_TASK INSTRUCTIONS_. Exactly reproduce all the records, keeping pictures out of the copy.

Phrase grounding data

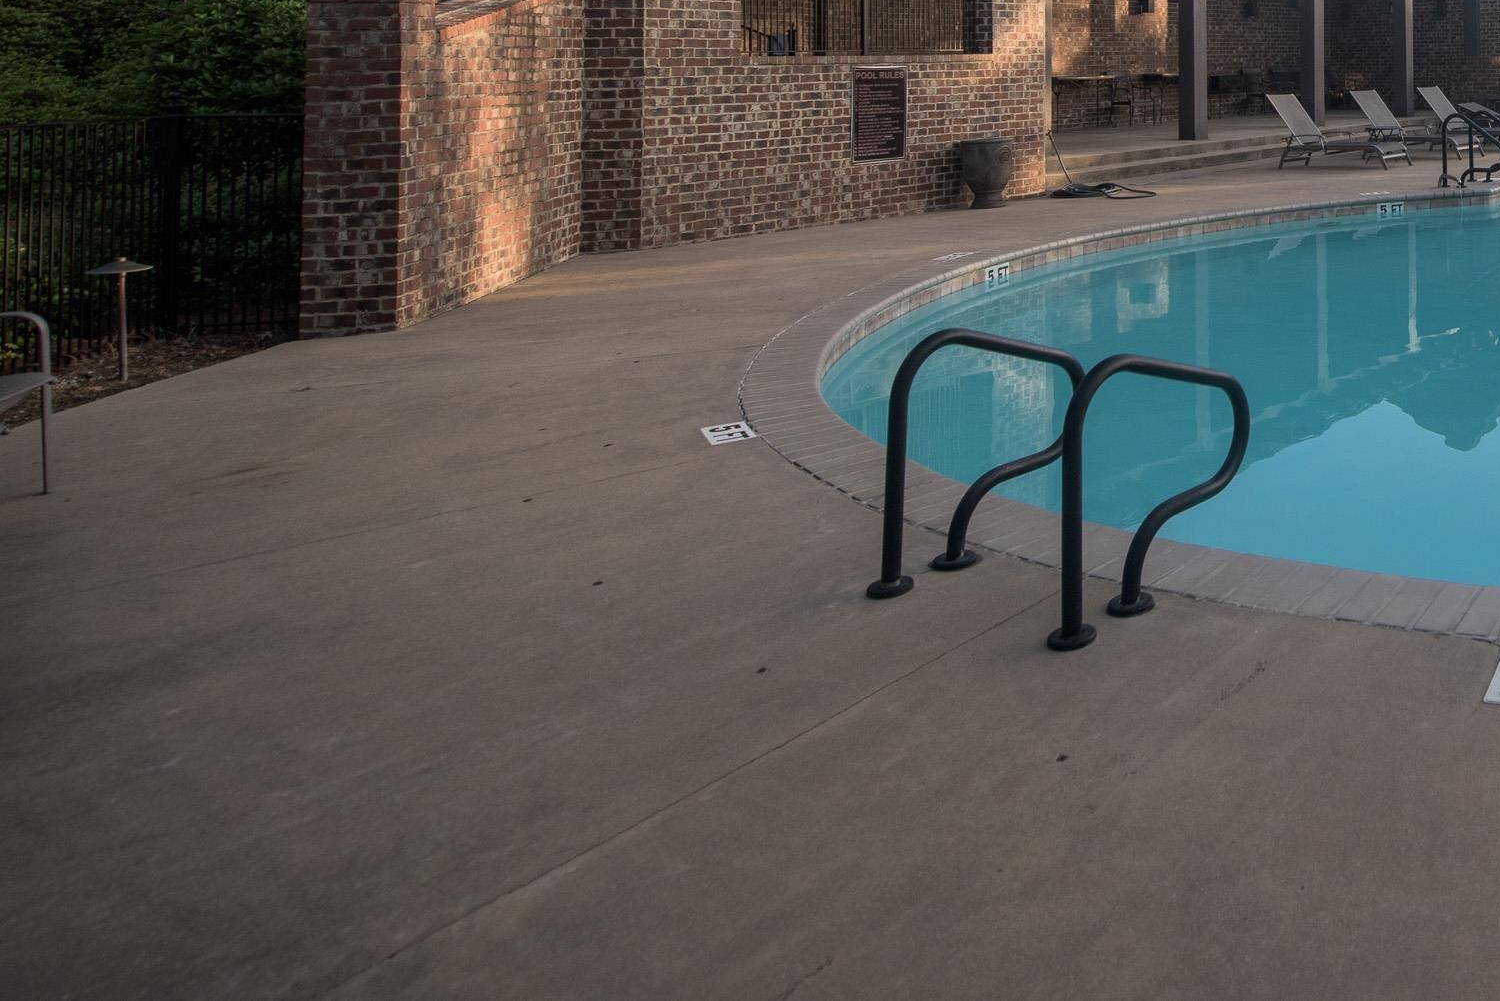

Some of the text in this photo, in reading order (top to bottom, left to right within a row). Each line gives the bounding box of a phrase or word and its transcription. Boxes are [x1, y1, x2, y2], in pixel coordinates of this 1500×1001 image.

[855, 71, 904, 80] POOL RULES
[988, 269, 994, 280] 5
[708, 424, 750, 442] 5 FT
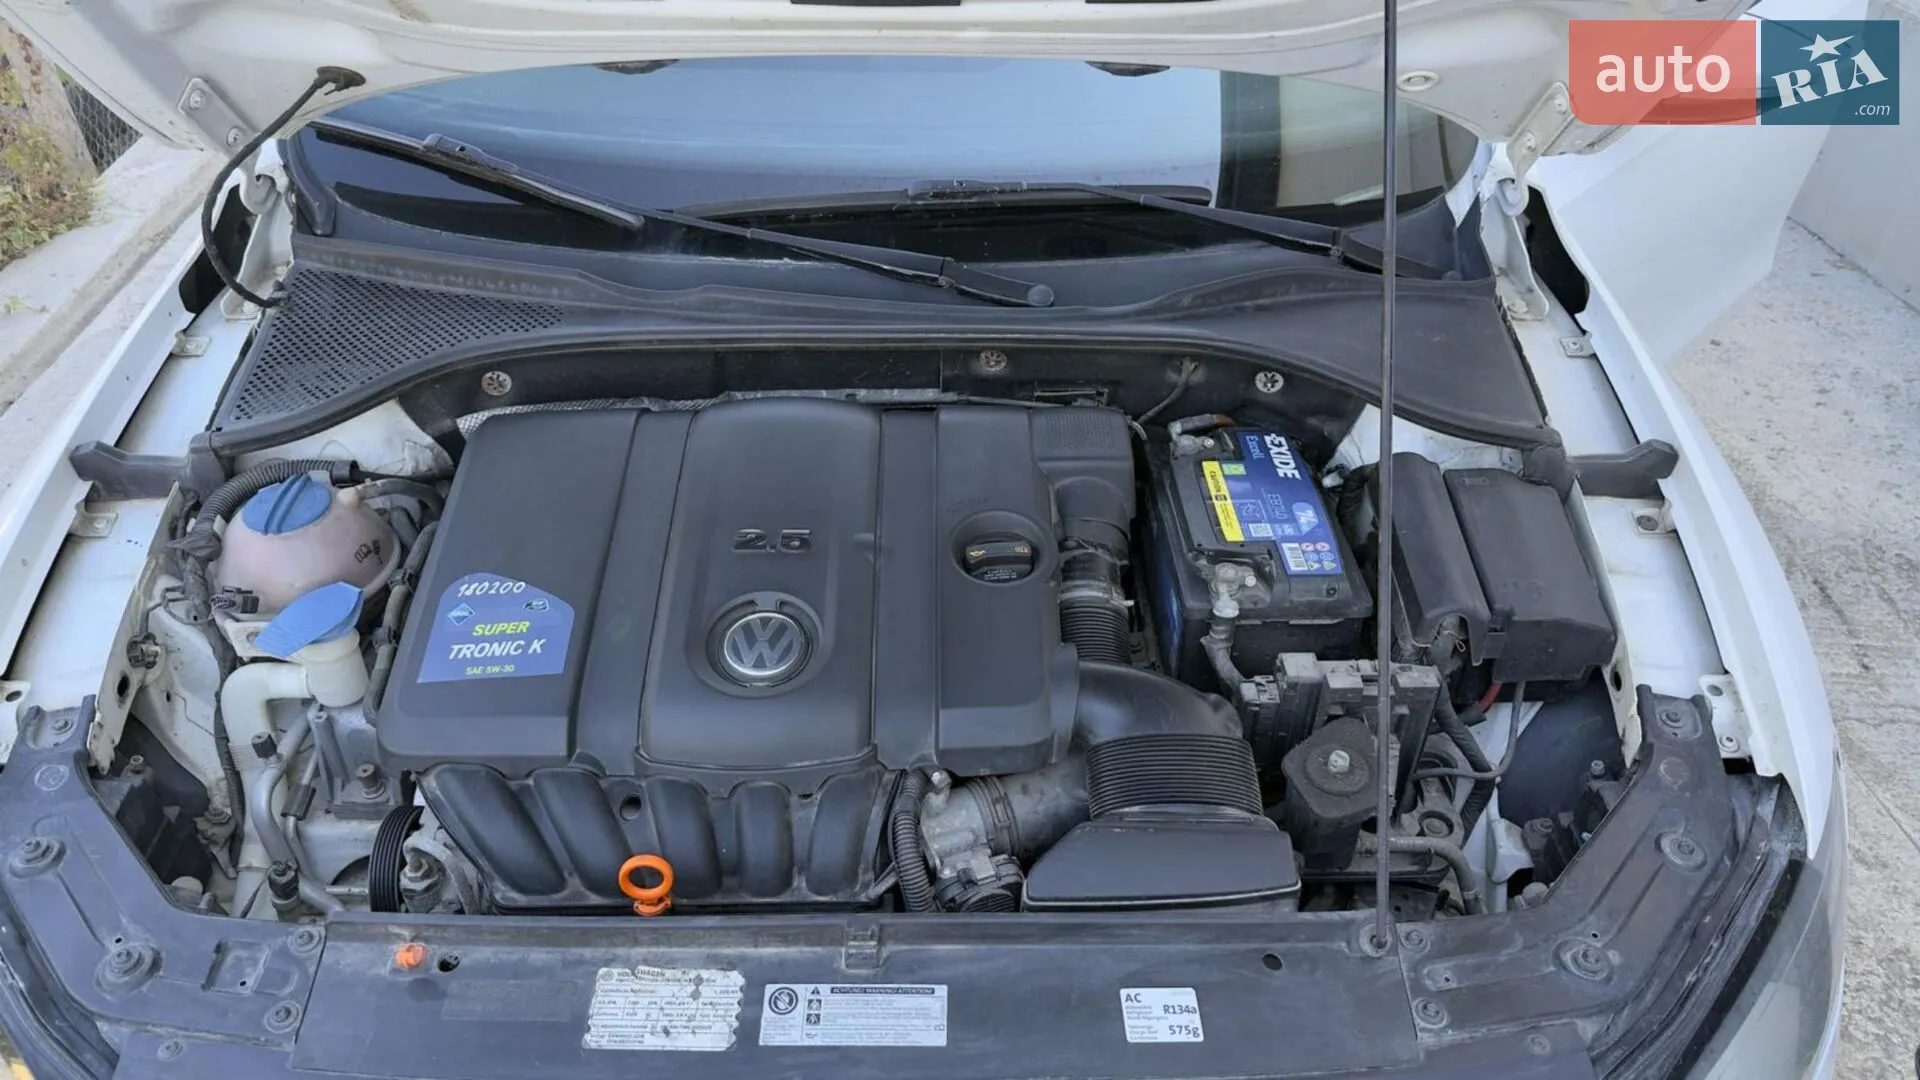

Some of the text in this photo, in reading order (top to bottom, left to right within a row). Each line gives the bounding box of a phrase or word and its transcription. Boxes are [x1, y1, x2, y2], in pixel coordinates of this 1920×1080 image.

[1264, 433, 1302, 481] EXIDE
[731, 528, 813, 554] 2.5
[457, 582, 525, 597] 180200
[472, 621, 531, 637] SUPER
[449, 638, 547, 660] TRONIC K
[465, 665, 483, 675] SAE
[1125, 993, 1142, 1003] AC
[1163, 1004, 1197, 1015] R134a
[1168, 1024, 1201, 1039] 575g
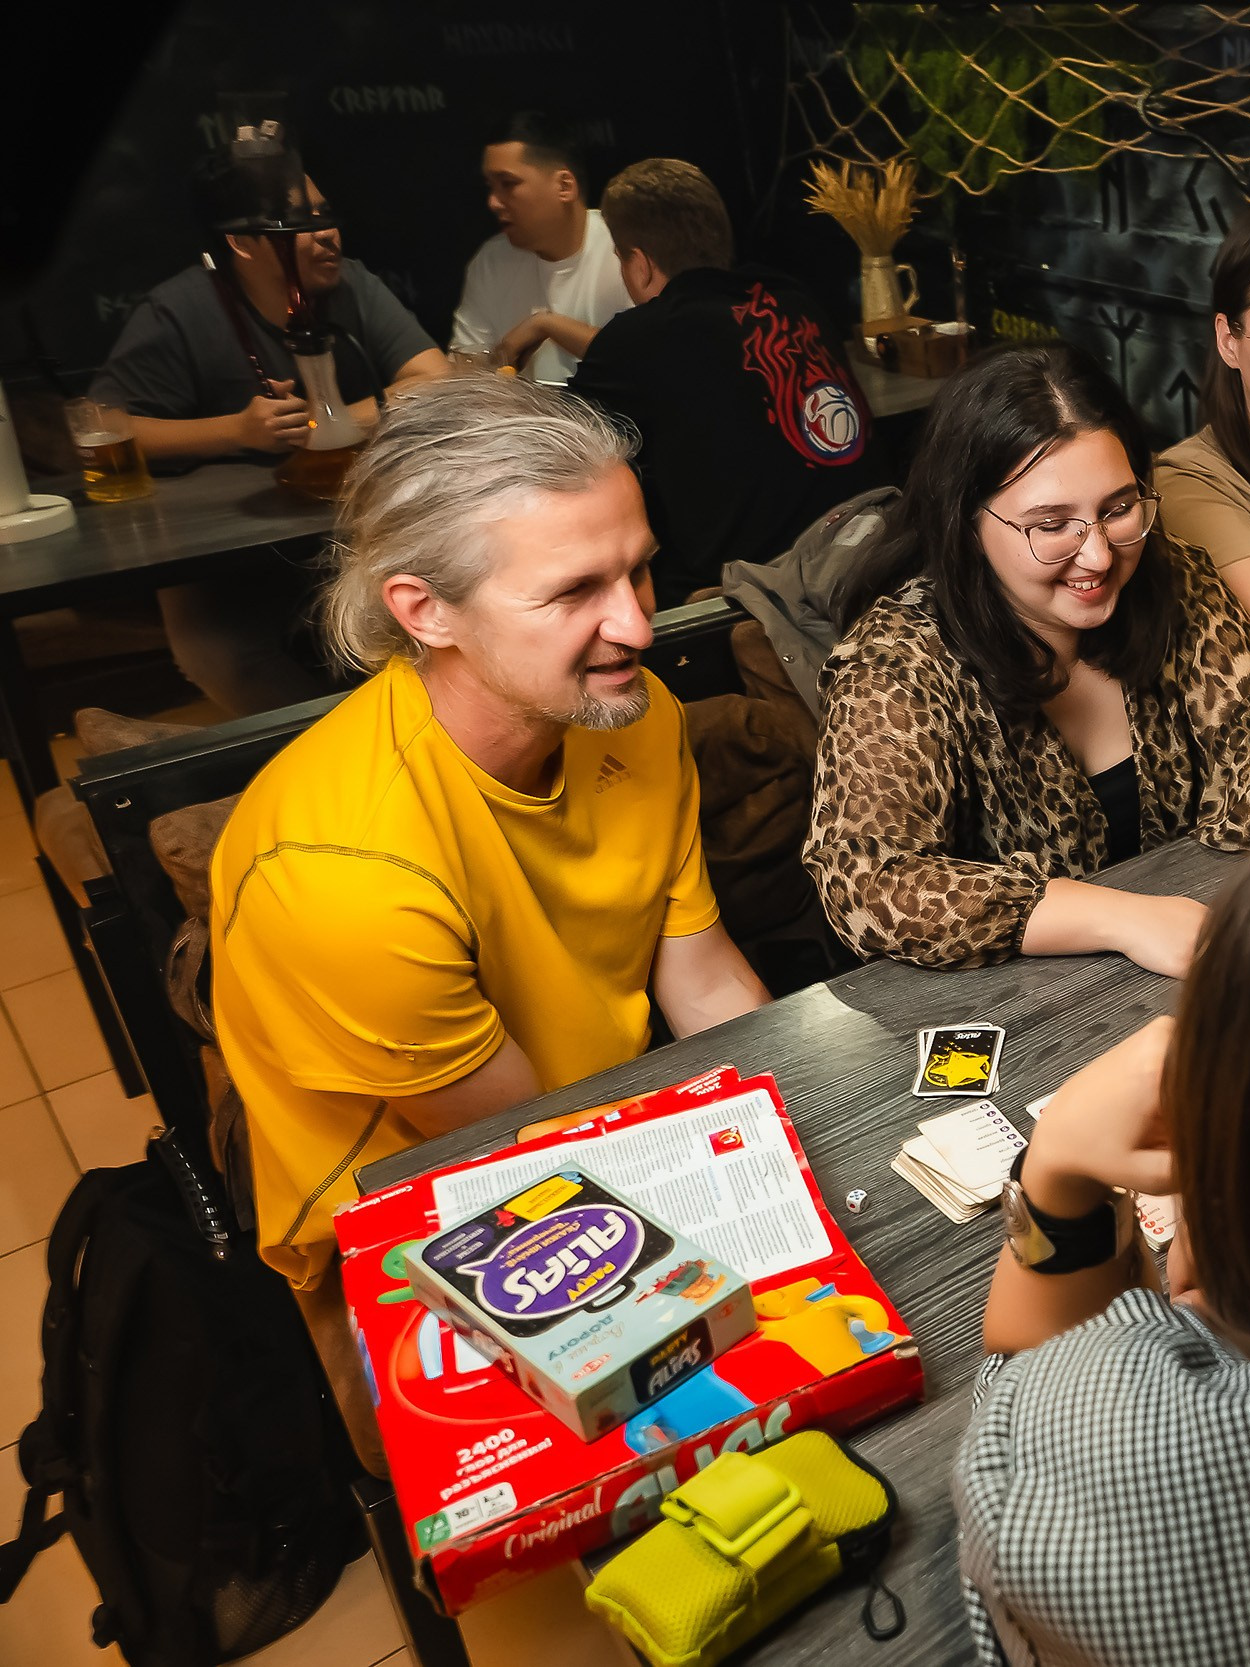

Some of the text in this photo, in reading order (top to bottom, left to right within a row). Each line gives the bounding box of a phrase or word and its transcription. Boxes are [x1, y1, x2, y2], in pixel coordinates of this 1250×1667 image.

[548, 1314, 615, 1361] ДОРОГУ
[456, 1428, 515, 1464] 2400
[504, 1485, 603, 1560] Original

_TASK RESULT_.
Some of the text in this photo, in reading order (top to bottom, left to right within a row). Each line gives the bounding box of a phrase or word and its transcription. Boxes are [x1, y1, x2, y2], in pixel coordinates of this 1500×1001 image.

[855, 71, 904, 80] POOL RULES
[988, 269, 994, 280] 5
[708, 424, 750, 442] 5 FT

Some of the text in this photo, in reading order (top to bottom, left to right within a row). Each line gives the bounding box of a phrase or word and its transcription. Boxes are [x1, y1, x2, y2], in pixel coordinates of this 1920×1080 image.

[1264, 433, 1302, 481] EXIDE
[731, 528, 813, 554] 2.5
[457, 582, 525, 597] 180200
[472, 621, 531, 637] SUPER
[449, 638, 547, 660] TRONIC K
[465, 665, 483, 675] SAE
[1125, 993, 1142, 1003] AC
[1163, 1004, 1197, 1015] R134a
[1168, 1024, 1201, 1039] 575g

Some of the text in this photo, in reading order (top to bottom, left to right within a row). Each line gives the bounding box of a phrase or word and its transcription. Boxes are [x1, y1, x2, y2], in pixel coordinates of this 1250×1667 image.

[548, 1314, 615, 1361] ДОРОГУ
[456, 1428, 515, 1464] 2400
[504, 1485, 603, 1560] Original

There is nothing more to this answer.